(Free-text object descriptions)

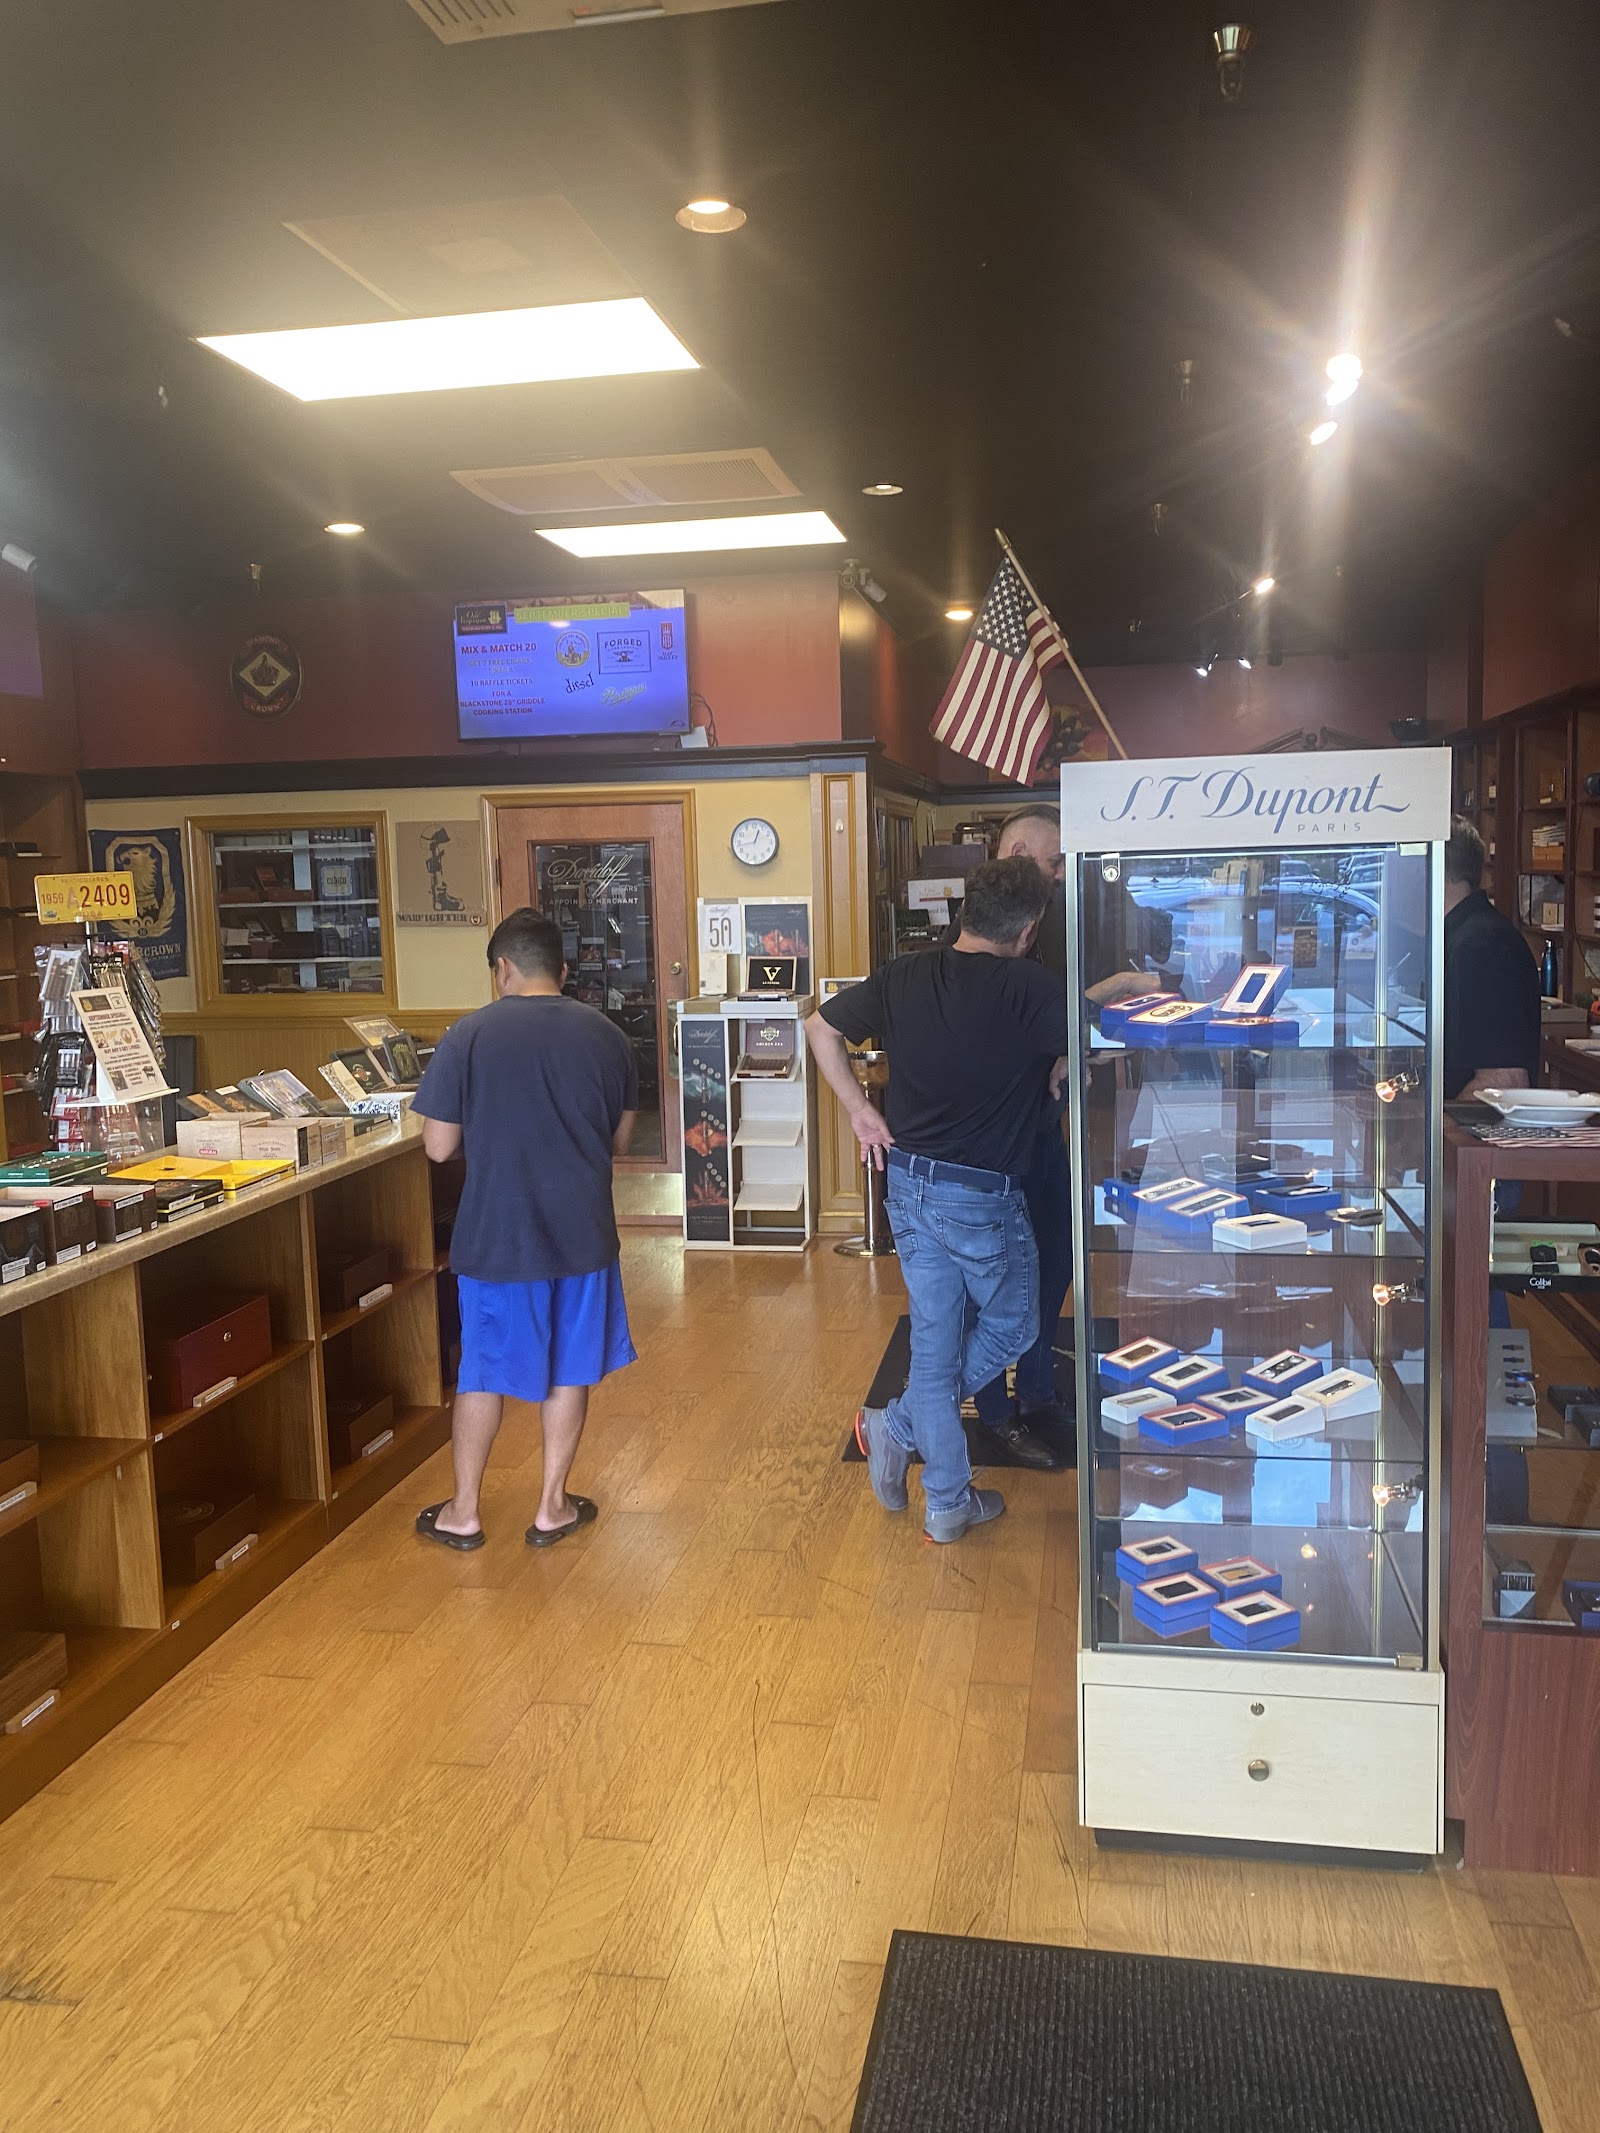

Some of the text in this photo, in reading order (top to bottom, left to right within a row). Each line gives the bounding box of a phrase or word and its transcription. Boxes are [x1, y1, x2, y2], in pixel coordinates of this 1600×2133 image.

[461, 643, 537, 654] MIX & MATCH 20
[604, 638, 643, 650] FORGED
[471, 677, 533, 687] 10 RAFFLE TICKETS
[565, 671, 595, 694] diesel
[460, 699, 503, 708] BLACKSTONE
[517, 697, 546, 706] GRIDDLE
[473, 706, 533, 716] COOKING STATION
[1100, 766, 1411, 834] S.T. Dupont
[1297, 822, 1362, 833] PARIS
[547, 853, 633, 899] Davidoff
[41, 892, 65, 905] 1959
[79, 883, 130, 908] 2409
[595, 897, 638, 905] MERCHANT
[398, 914, 468, 922] WARFIGHTER
[136, 942, 181, 957] RCROWN

WHAT IS NEEDED - Without the pictures, write out every entry exactly as it appears.

ANSWER TO THIS TASK -
Some of the text in this photo, in reading order (top to bottom, left to right within a row). Each line gives the bounding box of a phrase or word and its transcription. Boxes are [x1, y1, x2, y2], in pixel coordinates of this 1600×2133 image.

[461, 643, 537, 654] MIX & MATCH 20
[604, 638, 643, 650] FORGED
[471, 677, 533, 687] 10 RAFFLE TICKETS
[565, 671, 595, 694] diesel
[460, 699, 503, 708] BLACKSTONE
[517, 697, 546, 706] GRIDDLE
[473, 706, 533, 716] COOKING STATION
[1100, 766, 1411, 834] S.T. Dupont
[1297, 822, 1362, 833] PARIS
[547, 853, 633, 899] Davidoff
[41, 892, 65, 905] 1959
[79, 883, 130, 908] 2409
[595, 897, 638, 905] MERCHANT
[398, 914, 468, 922] WARFIGHTER
[136, 942, 181, 957] RCROWN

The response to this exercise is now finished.